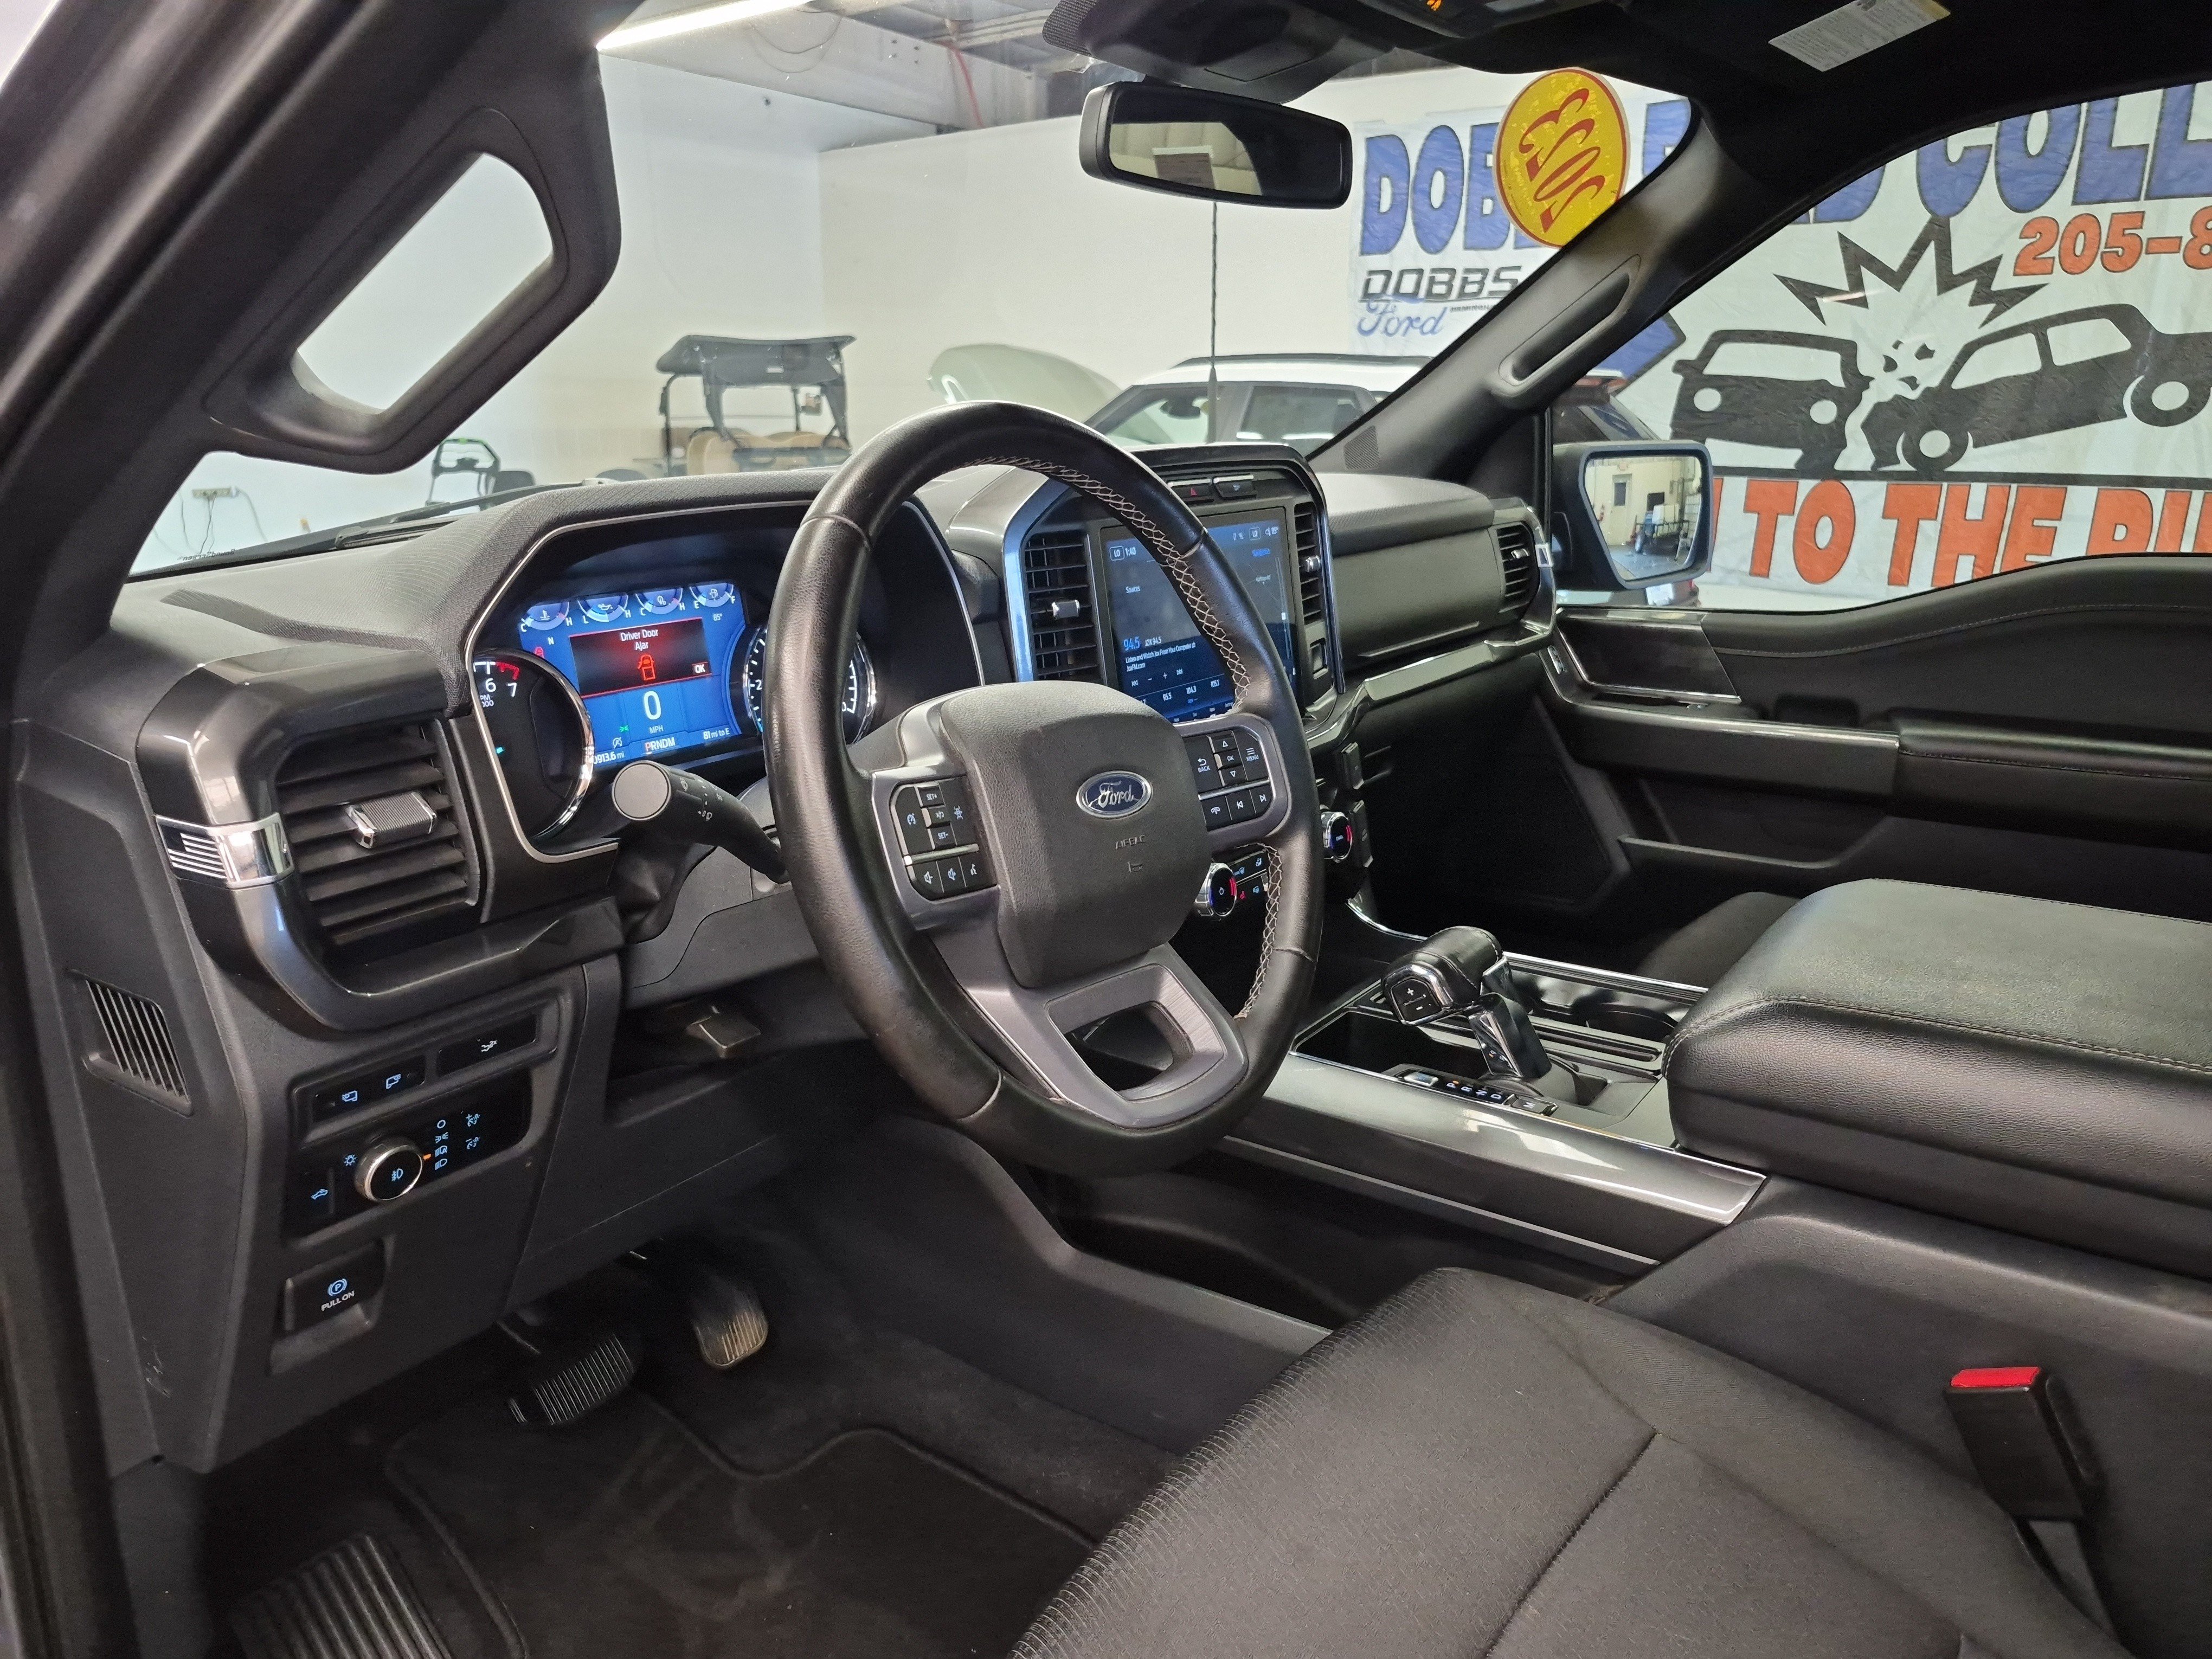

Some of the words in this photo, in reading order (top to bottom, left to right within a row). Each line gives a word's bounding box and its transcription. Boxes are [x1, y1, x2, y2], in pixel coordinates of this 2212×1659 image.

[1359, 122, 1545, 256] DOB
[2013, 207, 2212, 276] 205-8
[1360, 266, 1522, 299] DOBBS
[1357, 293, 1448, 337] Ford
[1744, 479, 1856, 584] TO
[1882, 482, 2067, 587] THE
[1125, 546, 1136, 556] 1:40
[1126, 585, 1141, 594] Sources
[694, 601, 700, 609] E
[731, 596, 736, 604] F
[679, 602, 685, 610] H
[625, 609, 632, 618] H
[640, 607, 646, 616] C
[565, 617, 573, 626] H
[583, 615, 589, 624] L
[713, 613, 723, 621] 85°
[520, 623, 527, 632] C
[621, 631, 641, 641] Driver
[642, 629, 659, 638] Door
[548, 636, 555, 645] N
[1123, 636, 1140, 651] 94.5
[635, 641, 649, 652] Ajar
[695, 664, 705, 674] OK
[485, 678, 497, 692] 6
[755, 679, 763, 690] 2
[1210, 679, 1219, 688] 105.1
[507, 682, 517, 697] 7
[1162, 692, 1172, 702] 95.5
[643, 690, 661, 720] 0
[650, 724, 664, 734] MPH
[703, 731, 711, 740] 81
[725, 727, 730, 735] E
[645, 737, 676, 753] PRNDM
[616, 751, 625, 759] mi
[1095, 780, 1137, 808] Ford
[320, 1297, 342, 1311] PULL
[342, 1290, 355, 1301] ON
---+---
=== Task details ===
Please retype the material in full, exactly as it reads, apart from the images.

=== Problem solution ===
Some of the words in this photo, in reading order (top to bottom, left to right within a row). Each line gives a word's bounding box and its transcription. Boxes are [x1, y1, x2, y2], in pixel coordinates of this 2212×1659 image.

[1359, 122, 1545, 256] DOB
[2013, 207, 2212, 276] 205-8
[1360, 266, 1522, 299] DOBBS
[1357, 293, 1448, 337] Ford
[1744, 479, 1856, 584] TO
[1882, 482, 2067, 587] THE
[1125, 546, 1136, 556] 1:40
[1126, 585, 1141, 594] Sources
[694, 601, 700, 609] E
[731, 596, 736, 604] F
[679, 602, 685, 610] H
[625, 609, 632, 618] H
[640, 607, 646, 616] C
[565, 617, 573, 626] H
[583, 615, 589, 624] L
[713, 613, 723, 621] 85°
[520, 623, 527, 632] C
[621, 631, 641, 641] Driver
[642, 629, 659, 638] Door
[548, 636, 555, 645] N
[1123, 636, 1140, 651] 94.5
[635, 641, 649, 652] Ajar
[695, 664, 705, 674] OK
[485, 678, 497, 692] 6
[755, 679, 763, 690] 2
[1210, 679, 1219, 688] 105.1
[507, 682, 517, 697] 7
[1162, 692, 1172, 702] 95.5
[643, 690, 661, 720] 0
[650, 724, 664, 734] MPH
[703, 731, 711, 740] 81
[725, 727, 730, 735] E
[645, 737, 676, 753] PRNDM
[616, 751, 625, 759] mi
[1095, 780, 1137, 808] Ford
[320, 1297, 342, 1311] PULL
[342, 1290, 355, 1301] ON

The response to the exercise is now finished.